Celalettin-i Suyutî'nin yakaza âleminde Peygamber Efendimiz ile hadislerin te’vil ve şerhini yaptığı ifade ediliyor, doğru mu? Hadislerin sıhhati açısından nasıl değerlendirebiliriz?
Değerli Kardeşimiz;
Celalettin-i Suyutî’nin manevî âlemde Allah Resulü (asm) ile hadis kritiği yapmasının, hadis ilmi ve usulü açısından tek başına bir kıymeti yoktur. Yani, hiçbir ilmî delil ortaya koymadan, sadece kerametvari bir şekilde; “Ben bu hadisi manevî âlemde Allah Resulü'ne sordum, o da kabul etti, öyle ise bu hadis sahihtir.” yaklaşımı, ilmî bir yaklaşım değildir. Ama ilmî delilleri ortaya koyduktan sonra, ilaveten böyle manevî âlemde bir hadisin kritiğinin yapılması, hadisin sahih olmasına kuvvet verir.

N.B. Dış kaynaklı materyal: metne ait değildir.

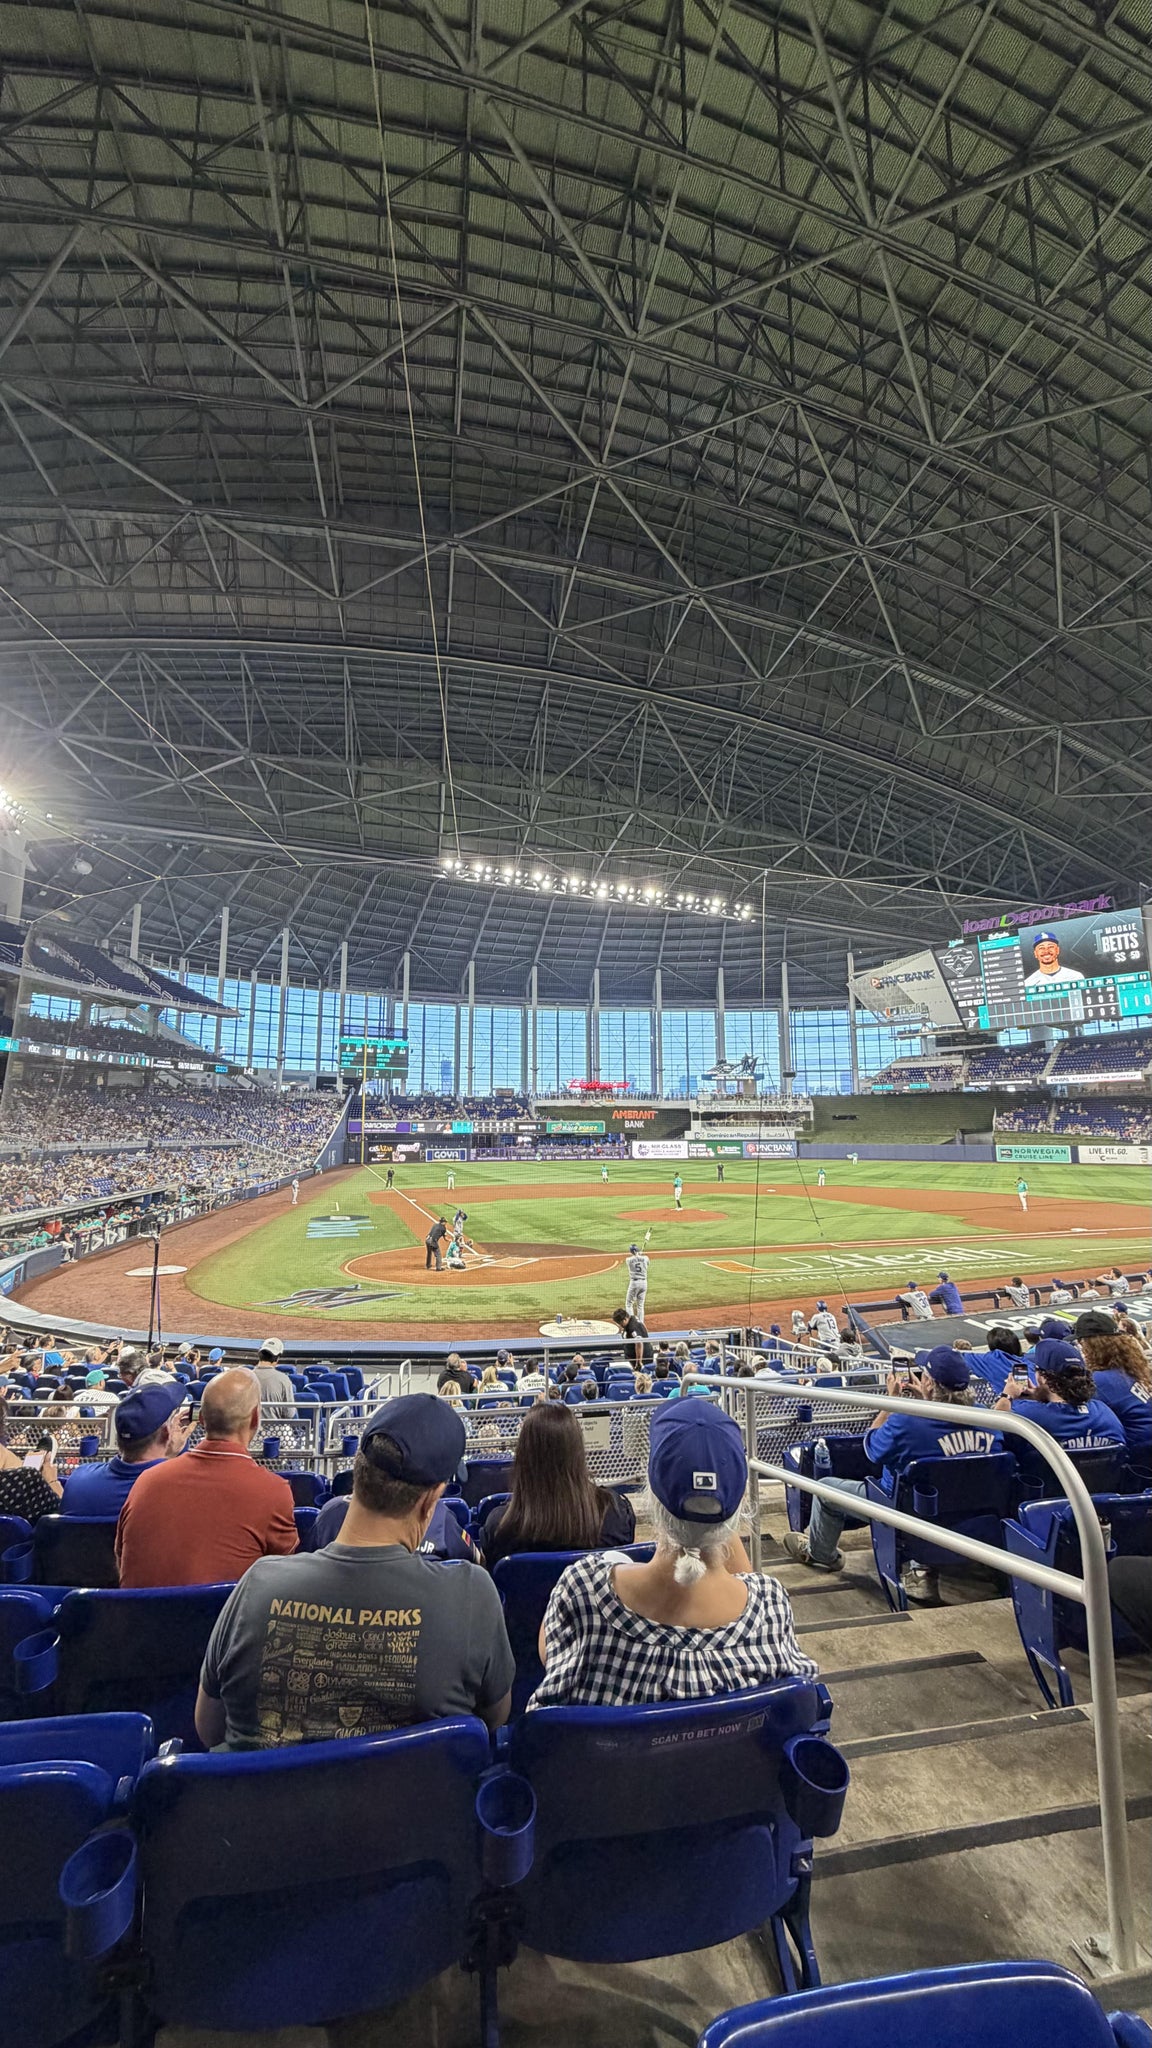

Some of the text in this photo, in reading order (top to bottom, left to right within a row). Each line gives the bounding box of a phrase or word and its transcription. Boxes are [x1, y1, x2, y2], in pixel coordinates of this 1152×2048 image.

Celalettin-i Suyutî Hazretleri, hadis sahasında otorite bir şahsiyettir. Bunun yanında manevî âlemde uyanık bir halde Allah Resulü (asm) ile sohbet edip, hadis müzakeresi yapması ona ayrı bir kıymet katmıştır. Eserleri İslam âleminde en muteber ve sağlam kaynaklar içinde yer almıştır.
Celalettin-i Suyutî Hazretlerinin manevî âlemde Allah Resulü (asm) ile hadis müzakeresinde bulunmasını ilmî bir delil nazarı ile değil, kaziye-i makbule nazarı ile bakılmalıdır.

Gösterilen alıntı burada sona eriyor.